The album was cut in Jackson at Malaco Records by label owners Tommy Couch, Sr., and Gerald “Wolf” Stephenson.

Track listing :

Side A: 1. I'll Take You There 2. Leave That Liar Alone 3. Forgetting You 4. Lean On Me 5. Parchman Farm 6. Let's Stay Together

Side B: 1. My Hang-Up Is You 2. Poor Side Of Town 3. To Get To You 4. Last Thing On My Mind 5. Best Dressed Beggar In Town 6. Peace In The Valley

Scott Barretta :

Established in 1904 as a for-profit operation, the twenty thousand acre Mississippi State Penitentiary, aka Parchman Farm, functioned much like an antebellum plantation where inmates worked sun-up to sundown, six days a week. Absent were the high walls that defined most prisons; instead, guards—or “shooters”—used their rifles at their own discretion to deter would-be escapees. Punishment for lesser infractions was often meted out by “Black Annie,” a three-foot-long, four-inch-wide leather strap that hung from camp sergeants’ belts.
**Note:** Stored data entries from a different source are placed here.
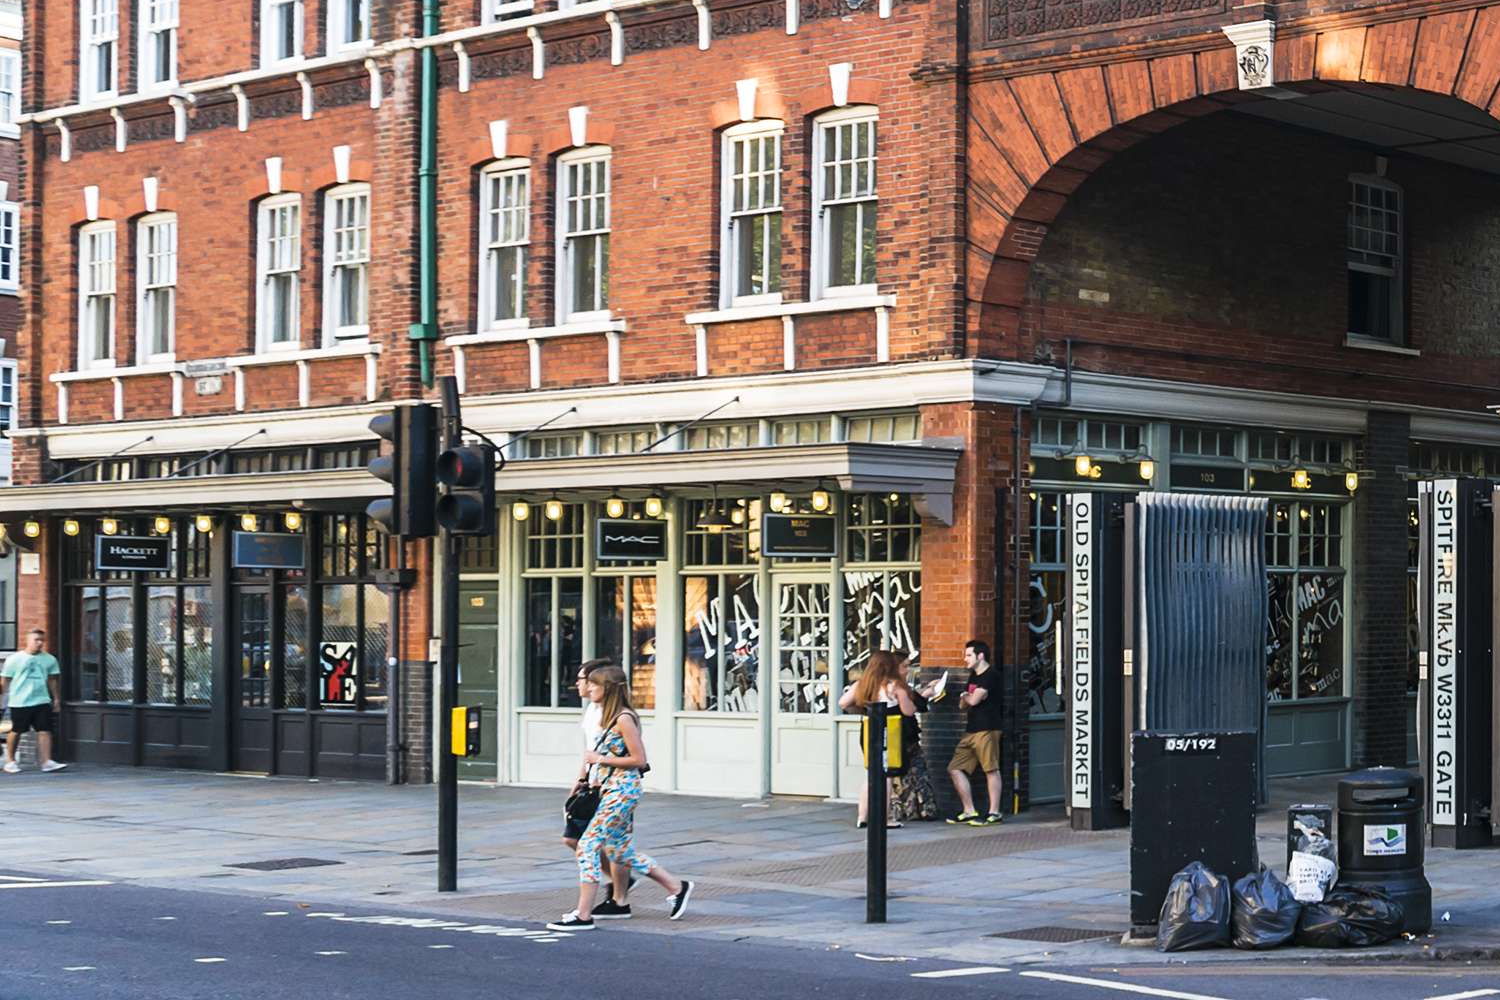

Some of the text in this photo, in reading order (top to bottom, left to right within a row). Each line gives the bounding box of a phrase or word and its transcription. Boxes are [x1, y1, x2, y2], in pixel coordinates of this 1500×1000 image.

[110, 546, 158, 555] HACKETT
[605, 535, 660, 544] MAC
[695, 574, 762, 660] MA
[1075, 502, 1089, 799] OLD SPITALFIELDS MARKET
[1437, 489, 1453, 815] SPITFIRE Mk.Vb W3311 GATE
[1166, 738, 1217, 751] 05/192
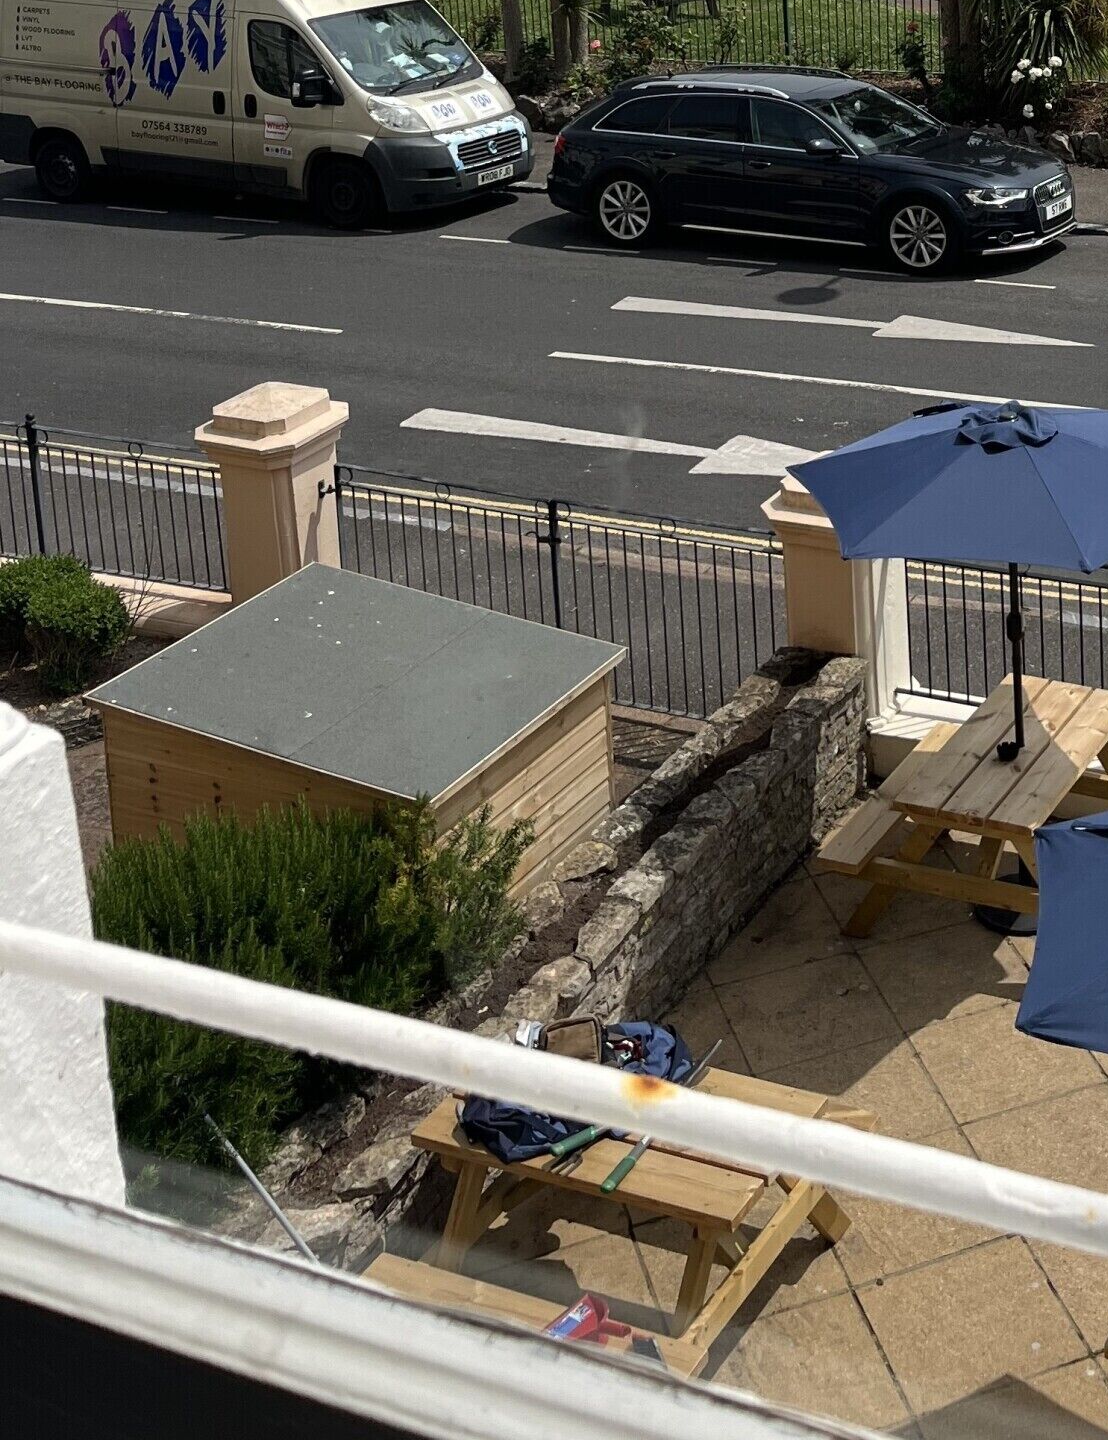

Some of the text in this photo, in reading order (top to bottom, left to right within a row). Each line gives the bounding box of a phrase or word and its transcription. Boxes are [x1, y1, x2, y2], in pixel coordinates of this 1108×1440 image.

[22, 6, 51, 15] CARPETS
[22, 16, 41, 24] VINYL
[21, 25, 76, 37] WOOD FLOORING
[14, 75, 101, 93] THE BAY FLOORING
[141, 119, 171, 131] 07564
In general, the prison was infamous for its brutality, as detailed in David Oshinsky’s book Worse Than Slavery and sung by bluesman Booker “Bukka” White, who served three years there in the late ’30s: “Oh listen you men, I don’t mean no harm/If you wanna do good, you better stay off old Parchman Farm.”

In 1960, under the watch of a reform-minded superintendent, a Delta planter and former state senator named Fred Jones, a prison band program was launched as one of several progressive steps that sought to improve Parchman’s cruel image. “Self-expression by these prisoners goes a long way toward keeping them in good spirits,” Jones told one reporter. “The musical program is good for their morale and the morale of all our inmates.”

Two bands were formed, consisting mostly of the prison’s professional or semi-professional musicians—a white country & western band known as the Insiders, and an African-American r&b band called the Stardusters. The leader of both bands was Wendell Cannon, a twenty-seven-year-old rockabilly musician from Leake County.

Cannon’s father was a guitarist, and his uncle Fonzo was a member of Freeny’s Barn Dance Band, which recorded six sides for Okeh Records in 1930. As a young man, Cannon performed solo on local radio stations, and later fronted Cool Cat Cannon and the Crackerjacks, whose regular spot was a roadhouse just over the Madison County line, where chicken wire protected the band from flying bottles. “The fights were the floor show,” recalls Crackerjacks sax player Woody Coats. “The band just backed ’em.”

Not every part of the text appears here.